Amusingly, if you look at the talk section [1] of the Wikipedia article on the Spanish flu, some folks really (suddenly, recently, completely by coincidence) want to call it the 1918 flu.
> To maintain morale, World War I censors minimized early reports of illness and mortality in Germany, the United Kingdom, France, and the United States. Papers were free to report the epidemic's effects in neutral Spain, such as the grave illness of King Alfonso XIII, and these stories created a false impression of Spain as especially hard hit. This gave rise to the pandemic's nickname, "Spanish flu". Historical and epidemiological data are inadequate to identify with certainty the pandemic's geographic origin, with varying views as to the origin.
It's not like we call syphilis "French pox" any more.
There are two separate issues here: Place-based names cause a stigma (an issue for new diseases, less so for historical ones) and that "Spanish flu" is actually completely wrong on the origins of that specific disease.
It was a global pandemic that didn't even start in Spain. We happen to be paying a lot of attention to it because it's the last really global pandemic of similar severity/spread to the COVID-19 outbreak. The increased attention to this little bit of history has us asking whether we should correct the inaccuracy in its name.
That isn't what I was asking. I asked, why now. What about this instance in time has prompted this? Also, I was talking about Wikipedia. Please do not move the goalposts on me.
I guess the Socratic method isn't going to work here.
Bluntly put, some folks are full Ministry-of-Truthing away at Wikipedia to help justify their attempts at erasure of the "Wuhan flu," China connection. That's why it is happening now. "See, we don't call it the 'Spanish flu,' so why should we call it ..."
"Spanish" Flu is not derogatory when used in the context of explaining the Spanish press were progressive and free to report on their surroundings without gov oppression.
Unlike the rest of world, who were covering up their military losses due to illness.
I don't know, now seems like a great time to point fingers at the small percentage of the Chinese population that is obsessed with eating weird shit like pangolin(probably the same people who are driving certain African wildlife extinct as well).
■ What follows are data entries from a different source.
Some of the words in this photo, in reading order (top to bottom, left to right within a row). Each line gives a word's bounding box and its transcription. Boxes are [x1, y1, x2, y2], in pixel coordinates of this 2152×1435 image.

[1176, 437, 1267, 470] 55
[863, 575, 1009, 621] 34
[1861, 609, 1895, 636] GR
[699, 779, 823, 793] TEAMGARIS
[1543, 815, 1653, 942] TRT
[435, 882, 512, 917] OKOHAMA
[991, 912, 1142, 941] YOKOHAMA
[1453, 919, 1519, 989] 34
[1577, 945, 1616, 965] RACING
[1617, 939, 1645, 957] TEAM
Or that the authoritarian government cover up of the virus helped take it from a local emergency to a global pandemic.
No one has any issues saying that the US bungled the early stages of response for coronavirus.
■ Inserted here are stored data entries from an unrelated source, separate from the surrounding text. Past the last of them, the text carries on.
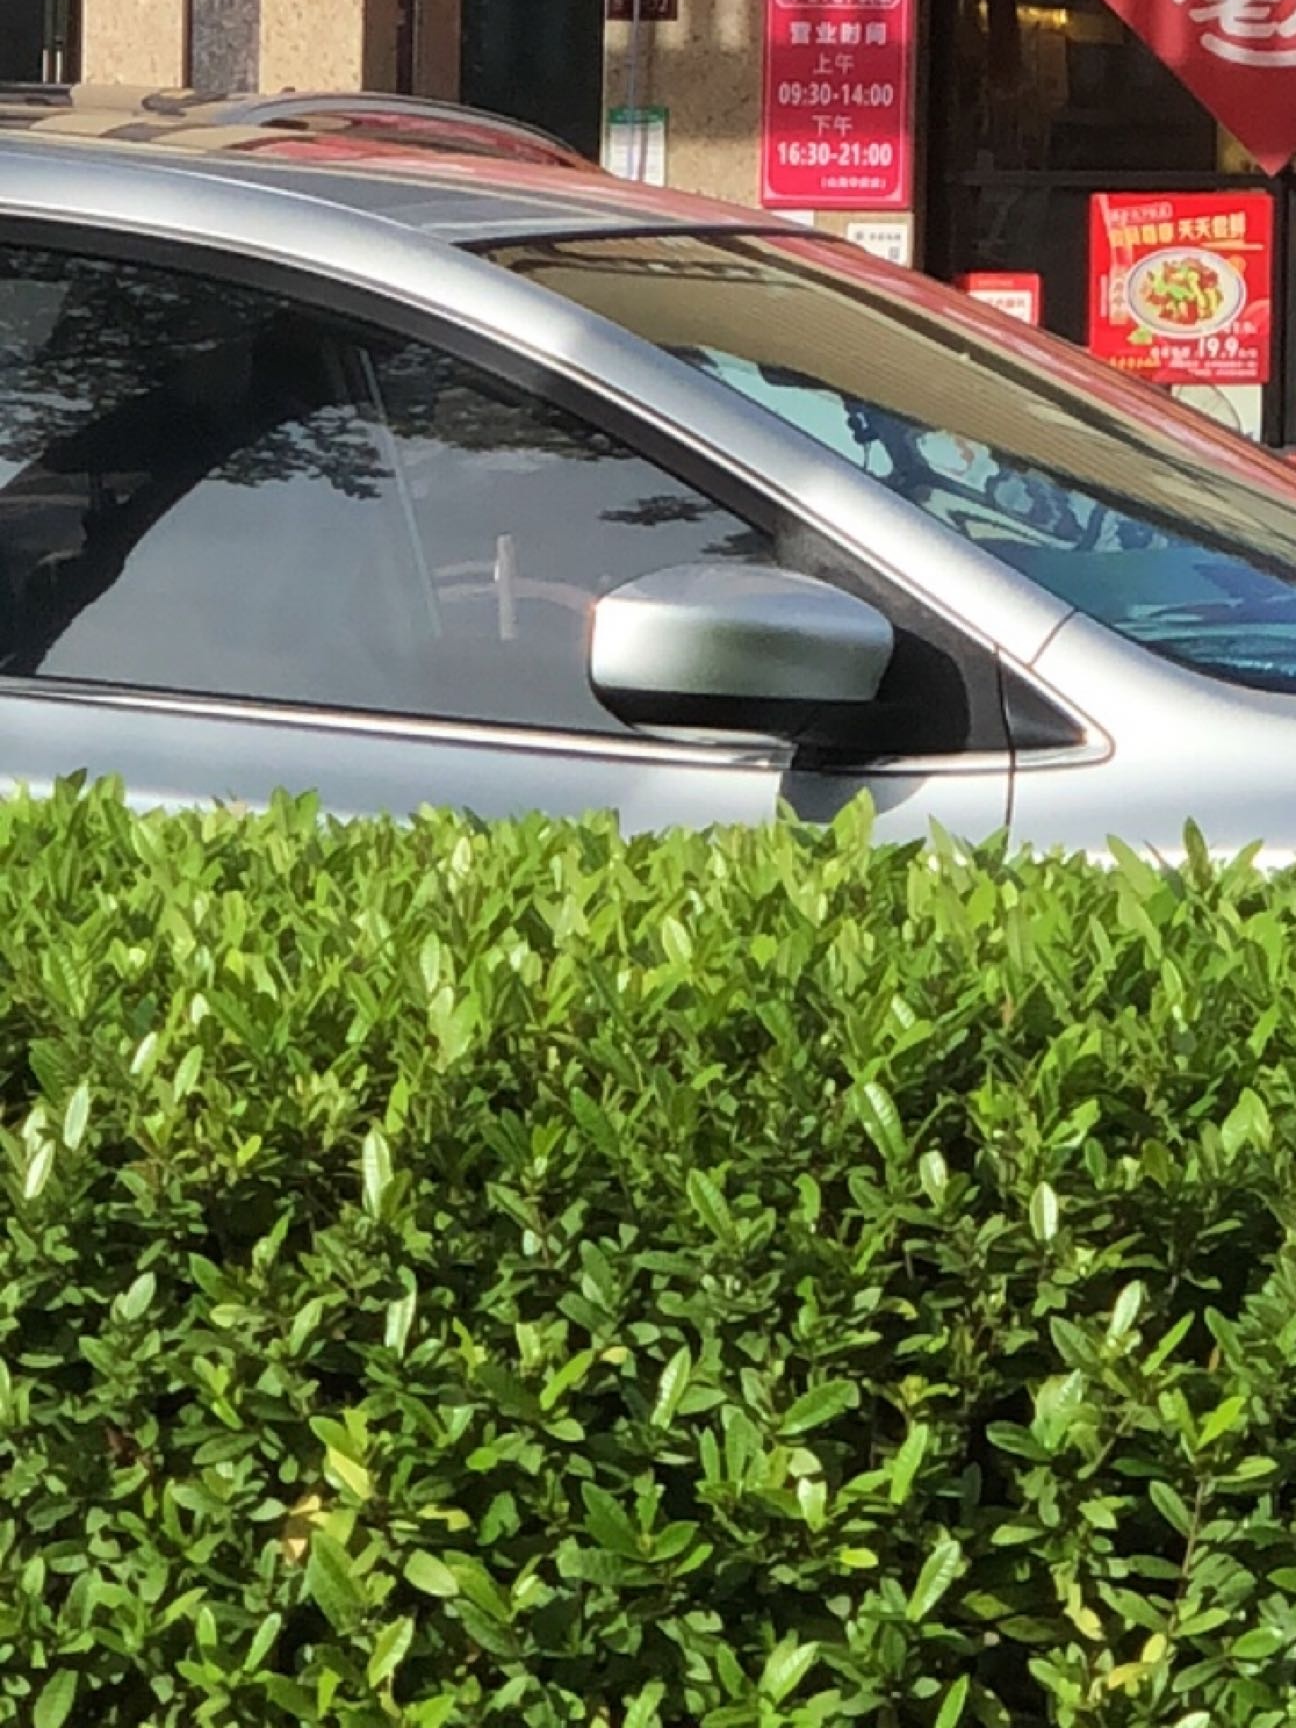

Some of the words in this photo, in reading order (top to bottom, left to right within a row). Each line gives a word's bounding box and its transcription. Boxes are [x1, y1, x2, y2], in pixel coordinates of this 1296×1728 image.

[790, 21, 887, 45] 营业时间
[812, 52, 855, 76] 上午
[778, 82, 894, 107] 09:30-14:00
[811, 114, 853, 137] 下午
[777, 141, 893, 167] 16:30-21:00
On our priority list, containing the virus is way higher than making sure China takes responsibility (how is this even a debate?), but the US Executive branch leader (and everyone who follows that lead) has a major priority inversion.
The virus will be contained at some point, and then we can talk about responsibility. If China's policy on wildlife led to this pandemic, then they absolutely deserve to be shamed into changing their policies (permanently this time). They knew better.
Let's not give racists any opportunities here. Calling it China virus or similar does exactly that, while confusing people with yet another name for this virus.
The Chinese government needs to be called out, but specifically and unambiguously the government.
The government can only do so much to change culture, though, right?
It needs to be made unambiguously clear that you do not eat or recreationally touch bat or pangolin. Government needs to outlaw it yes, and culture also need to shun it.
As another example the Chinese slaughter of endangered species and sharks is a failure of both government and culture. I'm not sure there is a totally PC way to express that.
All of this is done by a small percent of people but they need to be educated or shamed into compliance. We don't have to allow bad behavior because it could be un-PC to call it out.
Yes, that's true. There is a cultural element that is to blame as well. My point is that the term "China virus" is not the right way to place blame where blame is due. There will be a lot of collateral damage if it becomes popular.